Here is a listing. Write it all out again exactly, but not its pictures.

→ **Extracted data**:

>>>>

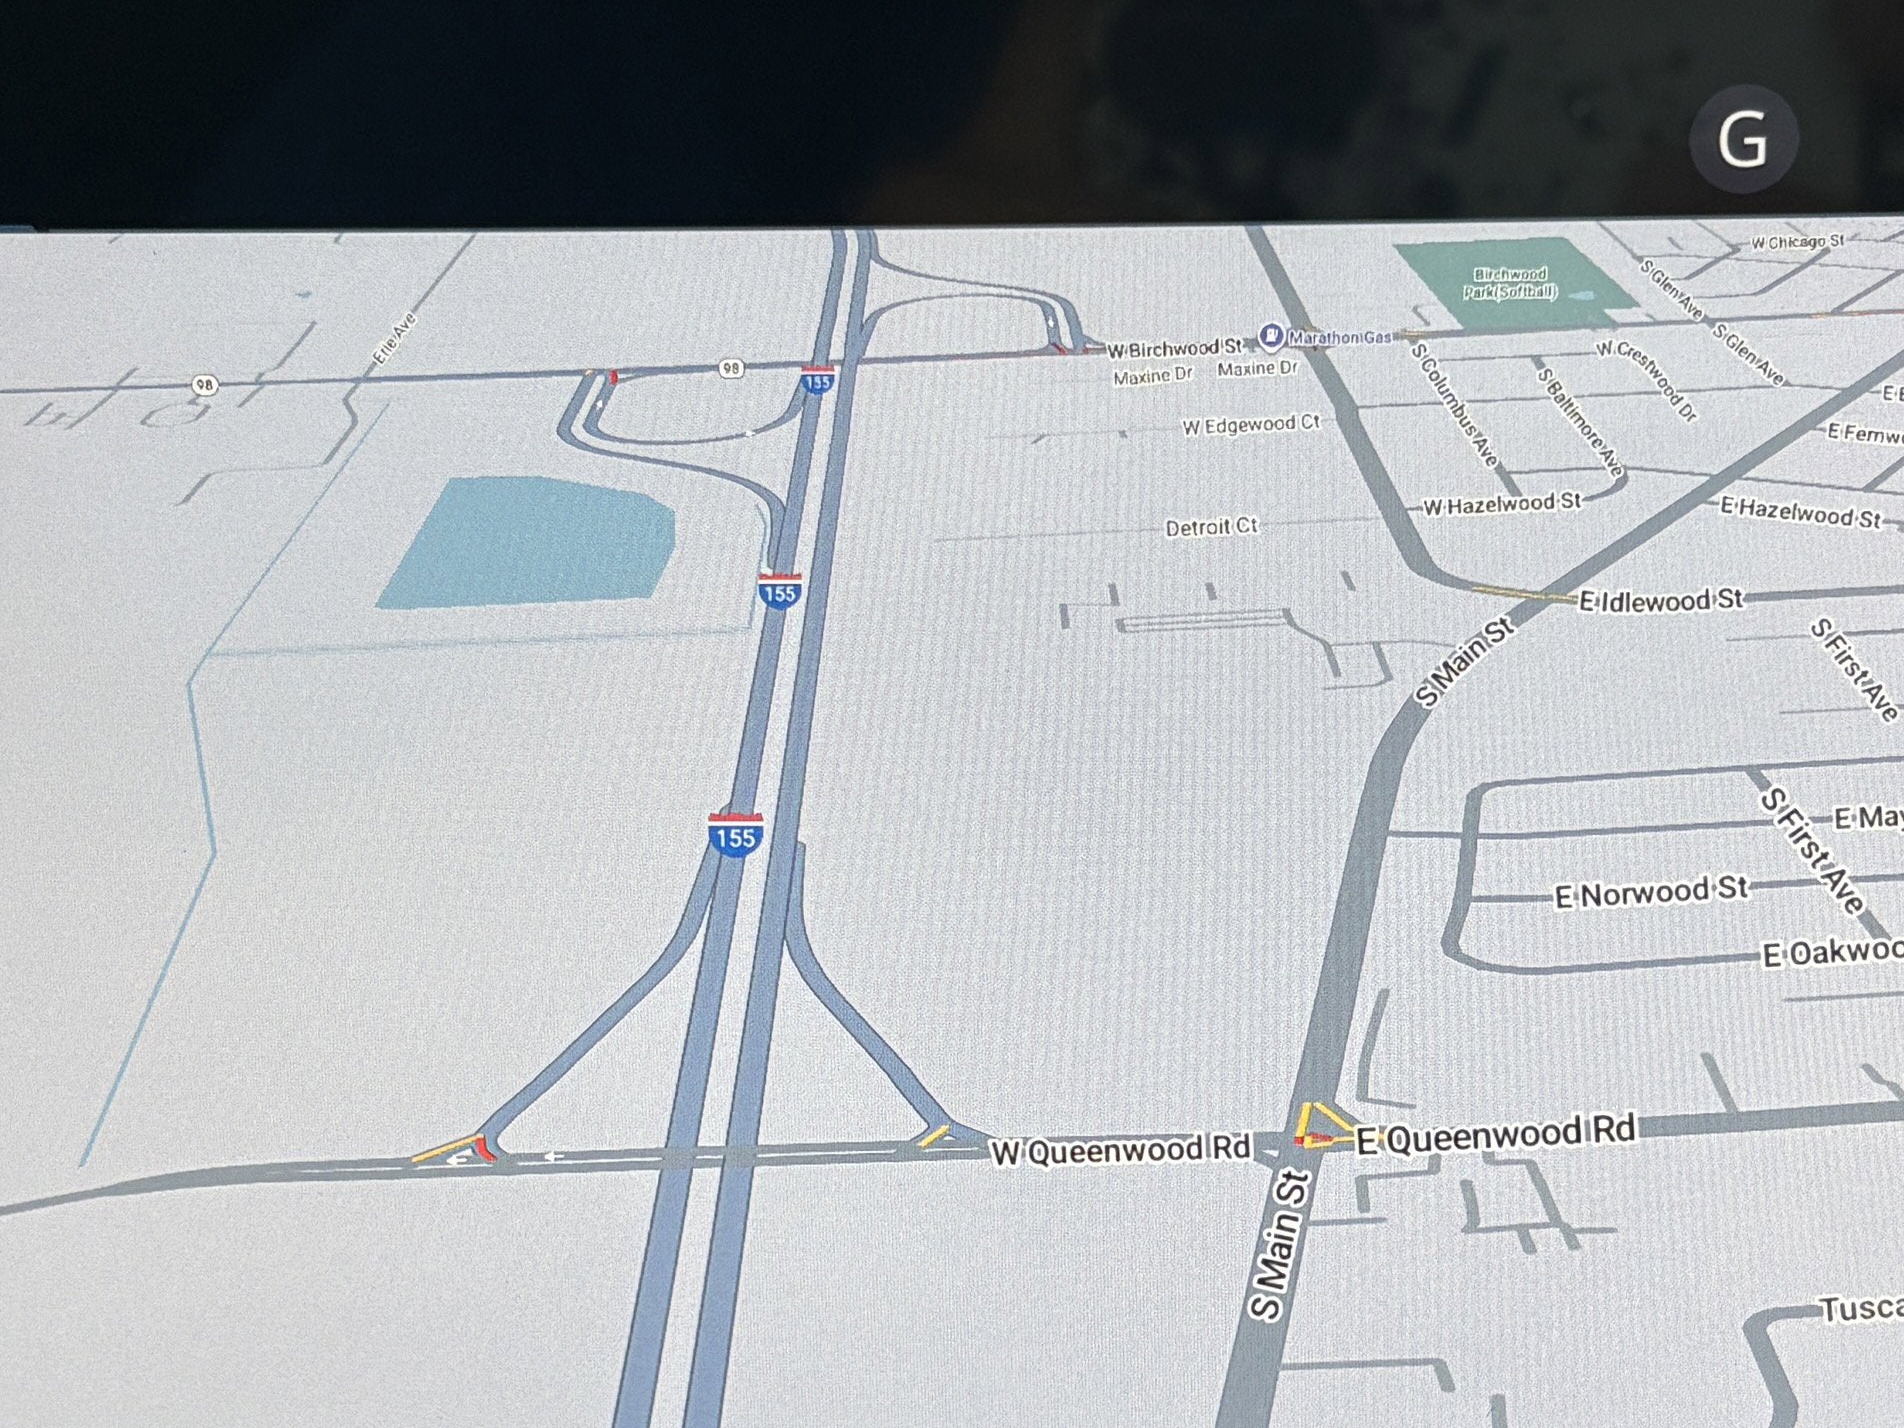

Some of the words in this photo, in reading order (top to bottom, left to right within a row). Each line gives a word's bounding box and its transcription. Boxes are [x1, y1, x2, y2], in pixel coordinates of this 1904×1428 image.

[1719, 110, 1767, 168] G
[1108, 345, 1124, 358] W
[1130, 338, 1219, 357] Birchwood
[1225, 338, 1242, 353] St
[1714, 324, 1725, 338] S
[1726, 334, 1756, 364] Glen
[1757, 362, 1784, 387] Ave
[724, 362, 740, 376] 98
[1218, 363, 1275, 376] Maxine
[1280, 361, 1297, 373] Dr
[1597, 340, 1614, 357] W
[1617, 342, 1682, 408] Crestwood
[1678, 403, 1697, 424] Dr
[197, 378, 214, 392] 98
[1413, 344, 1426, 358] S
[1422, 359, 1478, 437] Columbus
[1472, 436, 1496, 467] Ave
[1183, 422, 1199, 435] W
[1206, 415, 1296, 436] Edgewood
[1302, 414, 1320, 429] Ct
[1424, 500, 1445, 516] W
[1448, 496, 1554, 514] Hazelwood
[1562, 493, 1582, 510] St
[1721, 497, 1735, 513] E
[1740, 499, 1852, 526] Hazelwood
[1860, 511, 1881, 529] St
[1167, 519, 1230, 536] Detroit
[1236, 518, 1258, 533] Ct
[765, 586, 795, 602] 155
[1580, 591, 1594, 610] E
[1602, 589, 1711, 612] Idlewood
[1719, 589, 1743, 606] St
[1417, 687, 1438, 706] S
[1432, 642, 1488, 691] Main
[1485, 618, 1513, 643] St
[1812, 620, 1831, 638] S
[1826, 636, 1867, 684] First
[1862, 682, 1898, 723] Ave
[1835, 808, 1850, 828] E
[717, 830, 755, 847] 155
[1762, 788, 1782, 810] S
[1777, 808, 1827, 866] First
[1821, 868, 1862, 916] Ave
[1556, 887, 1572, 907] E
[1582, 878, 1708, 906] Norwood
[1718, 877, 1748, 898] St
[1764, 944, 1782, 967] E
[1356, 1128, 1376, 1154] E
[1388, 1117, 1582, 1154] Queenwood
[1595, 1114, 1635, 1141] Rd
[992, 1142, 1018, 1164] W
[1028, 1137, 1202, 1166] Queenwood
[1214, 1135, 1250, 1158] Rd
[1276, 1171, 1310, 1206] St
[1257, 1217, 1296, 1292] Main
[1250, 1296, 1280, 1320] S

<<<<

→ **Task answer**:
Some of the words in this photo, in reading order (top to bottom, left to right within a row). Each line gives a word's bounding box and its transcription. Boxes are [x1, y1, x2, y2], in pixel coordinates of this 1904×1428 image.

[1719, 110, 1767, 168] G
[1108, 345, 1124, 358] W
[1130, 338, 1219, 357] Birchwood
[1225, 338, 1242, 353] St
[1714, 324, 1725, 338] S
[1726, 334, 1756, 364] Glen
[1757, 362, 1784, 387] Ave
[724, 362, 740, 376] 98
[1218, 363, 1275, 376] Maxine
[1280, 361, 1297, 373] Dr
[1597, 340, 1614, 357] W
[1617, 342, 1682, 408] Crestwood
[1678, 403, 1697, 424] Dr
[197, 378, 214, 392] 98
[1413, 344, 1426, 358] S
[1422, 359, 1478, 437] Columbus
[1472, 436, 1496, 467] Ave
[1183, 422, 1199, 435] W
[1206, 415, 1296, 436] Edgewood
[1302, 414, 1320, 429] Ct
[1424, 500, 1445, 516] W
[1448, 496, 1554, 514] Hazelwood
[1562, 493, 1582, 510] St
[1721, 497, 1735, 513] E
[1740, 499, 1852, 526] Hazelwood
[1860, 511, 1881, 529] St
[1167, 519, 1230, 536] Detroit
[1236, 518, 1258, 533] Ct
[765, 586, 795, 602] 155
[1580, 591, 1594, 610] E
[1602, 589, 1711, 612] Idlewood
[1719, 589, 1743, 606] St
[1417, 687, 1438, 706] S
[1432, 642, 1488, 691] Main
[1485, 618, 1513, 643] St
[1812, 620, 1831, 638] S
[1826, 636, 1867, 684] First
[1862, 682, 1898, 723] Ave
[1835, 808, 1850, 828] E
[717, 830, 755, 847] 155
[1762, 788, 1782, 810] S
[1777, 808, 1827, 866] First
[1821, 868, 1862, 916] Ave
[1556, 887, 1572, 907] E
[1582, 878, 1708, 906] Norwood
[1718, 877, 1748, 898] St
[1764, 944, 1782, 967] E
[1356, 1128, 1376, 1154] E
[1388, 1117, 1582, 1154] Queenwood
[1595, 1114, 1635, 1141] Rd
[992, 1142, 1018, 1164] W
[1028, 1137, 1202, 1166] Queenwood
[1214, 1135, 1250, 1158] Rd
[1276, 1171, 1310, 1206] St
[1257, 1217, 1296, 1292] Main
[1250, 1296, 1280, 1320] S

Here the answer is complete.